## Task details
Write back each entry precisely as it is given.

==== Task inputs

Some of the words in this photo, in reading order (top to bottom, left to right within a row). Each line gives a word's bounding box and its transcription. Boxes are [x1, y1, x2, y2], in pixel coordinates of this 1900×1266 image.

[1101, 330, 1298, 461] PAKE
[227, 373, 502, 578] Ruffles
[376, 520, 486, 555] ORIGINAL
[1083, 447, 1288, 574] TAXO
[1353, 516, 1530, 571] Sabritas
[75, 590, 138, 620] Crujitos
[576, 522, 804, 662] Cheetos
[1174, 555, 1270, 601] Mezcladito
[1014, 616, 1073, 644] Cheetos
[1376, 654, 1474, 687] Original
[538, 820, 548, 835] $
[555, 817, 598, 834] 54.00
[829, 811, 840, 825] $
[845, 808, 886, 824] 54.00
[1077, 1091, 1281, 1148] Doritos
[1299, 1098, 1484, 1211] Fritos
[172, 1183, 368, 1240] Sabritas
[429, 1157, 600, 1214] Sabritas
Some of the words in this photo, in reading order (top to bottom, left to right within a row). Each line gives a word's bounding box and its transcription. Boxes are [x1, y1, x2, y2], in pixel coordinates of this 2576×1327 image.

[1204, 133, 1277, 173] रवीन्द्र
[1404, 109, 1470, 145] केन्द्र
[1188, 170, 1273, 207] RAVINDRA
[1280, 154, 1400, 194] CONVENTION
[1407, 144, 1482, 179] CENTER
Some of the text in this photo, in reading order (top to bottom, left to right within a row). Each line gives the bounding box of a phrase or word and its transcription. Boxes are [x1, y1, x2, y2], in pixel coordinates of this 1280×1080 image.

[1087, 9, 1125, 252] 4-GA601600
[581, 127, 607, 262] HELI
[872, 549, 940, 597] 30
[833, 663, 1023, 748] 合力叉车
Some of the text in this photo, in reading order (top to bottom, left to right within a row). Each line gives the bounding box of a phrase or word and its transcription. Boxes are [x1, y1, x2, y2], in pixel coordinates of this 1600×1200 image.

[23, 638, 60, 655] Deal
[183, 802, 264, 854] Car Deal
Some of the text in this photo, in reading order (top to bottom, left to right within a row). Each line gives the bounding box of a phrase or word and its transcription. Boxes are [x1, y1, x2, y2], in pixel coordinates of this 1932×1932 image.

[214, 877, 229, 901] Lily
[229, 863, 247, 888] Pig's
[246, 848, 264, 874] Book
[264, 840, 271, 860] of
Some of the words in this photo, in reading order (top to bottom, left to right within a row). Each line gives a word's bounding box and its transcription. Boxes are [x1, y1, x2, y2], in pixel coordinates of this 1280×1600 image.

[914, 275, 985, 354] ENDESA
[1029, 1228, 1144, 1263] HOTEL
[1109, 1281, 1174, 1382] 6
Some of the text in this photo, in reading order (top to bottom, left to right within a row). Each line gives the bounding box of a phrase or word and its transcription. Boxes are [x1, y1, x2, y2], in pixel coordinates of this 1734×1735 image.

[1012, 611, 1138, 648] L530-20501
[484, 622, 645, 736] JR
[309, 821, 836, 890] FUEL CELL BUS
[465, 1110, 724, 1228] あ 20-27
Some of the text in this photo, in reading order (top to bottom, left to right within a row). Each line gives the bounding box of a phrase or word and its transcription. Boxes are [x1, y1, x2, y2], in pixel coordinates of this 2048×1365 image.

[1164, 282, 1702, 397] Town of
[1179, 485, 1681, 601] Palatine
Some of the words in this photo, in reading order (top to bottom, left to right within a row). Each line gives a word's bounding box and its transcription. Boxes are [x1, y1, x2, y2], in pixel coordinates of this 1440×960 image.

========

## Response below
Some of the words in this photo, in reading order (top to bottom, left to right within a row). Each line gives a word's bounding box and its transcription. Boxes are [x1, y1, x2, y2], in pixel coordinates of this 1900×1266 image.

[1101, 330, 1298, 461] PAKE
[227, 373, 502, 578] Ruffles
[376, 520, 486, 555] ORIGINAL
[1083, 447, 1288, 574] TAXO
[1353, 516, 1530, 571] Sabritas
[75, 590, 138, 620] Crujitos
[576, 522, 804, 662] Cheetos
[1174, 555, 1270, 601] Mezcladito
[1014, 616, 1073, 644] Cheetos
[1376, 654, 1474, 687] Original
[538, 820, 548, 835] $
[555, 817, 598, 834] 54.00
[829, 811, 840, 825] $
[845, 808, 886, 824] 54.00
[1077, 1091, 1281, 1148] Doritos
[1299, 1098, 1484, 1211] Fritos
[172, 1183, 368, 1240] Sabritas
[429, 1157, 600, 1214] Sabritas
Some of the words in this photo, in reading order (top to bottom, left to right within a row). Each line gives a word's bounding box and its transcription. Boxes are [x1, y1, x2, y2], in pixel coordinates of this 2576×1327 image.

[1204, 133, 1277, 173] रवीन्द्र
[1404, 109, 1470, 145] केन्द्र
[1188, 170, 1273, 207] RAVINDRA
[1280, 154, 1400, 194] CONVENTION
[1407, 144, 1482, 179] CENTER
Some of the text in this photo, in reading order (top to bottom, left to right within a row). Each line gives the bounding box of a phrase or word and its transcription. Boxes are [x1, y1, x2, y2], in pixel coordinates of this 1280×1080 image.

[1087, 9, 1125, 252] 4-GA601600
[581, 127, 607, 262] HELI
[872, 549, 940, 597] 30
[833, 663, 1023, 748] 合力叉车
Some of the text in this photo, in reading order (top to bottom, left to right within a row). Each line gives the bounding box of a phrase or word and its transcription. Boxes are [x1, y1, x2, y2], in pixel coordinates of this 1600×1200 image.

[23, 638, 60, 655] Deal
[183, 802, 264, 854] Car Deal
Some of the text in this photo, in reading order (top to bottom, left to right within a row). Each line gives the bounding box of a phrase or word and its transcription. Boxes are [x1, y1, x2, y2], in pixel coordinates of this 1932×1932 image.

[214, 877, 229, 901] Lily
[229, 863, 247, 888] Pig's
[246, 848, 264, 874] Book
[264, 840, 271, 860] of
Some of the words in this photo, in reading order (top to bottom, left to right within a row). Each line gives a word's bounding box and its transcription. Boxes are [x1, y1, x2, y2], in pixel coordinates of this 1280×1600 image.

[914, 275, 985, 354] ENDESA
[1029, 1228, 1144, 1263] HOTEL
[1109, 1281, 1174, 1382] 6
Some of the text in this photo, in reading order (top to bottom, left to right within a row). Each line gives the bounding box of a phrase or word and its transcription. Boxes are [x1, y1, x2, y2], in pixel coordinates of this 1734×1735 image.

[1012, 611, 1138, 648] L530-20501
[484, 622, 645, 736] JR
[309, 821, 836, 890] FUEL CELL BUS
[465, 1110, 724, 1228] あ 20-27
Some of the text in this photo, in reading order (top to bottom, left to right within a row). Each line gives the bounding box of a phrase or word and its transcription. Boxes are [x1, y1, x2, y2], in pixel coordinates of this 2048×1365 image.

[1164, 282, 1702, 397] Town of
[1179, 485, 1681, 601] Palatine
Some of the words in this photo, in reading order (top to bottom, left to right within a row). Each line gives a word's bounding box and its transcription. Boxes are [x1, y1, x2, y2], in pixel coordinates of this 1440×960 image.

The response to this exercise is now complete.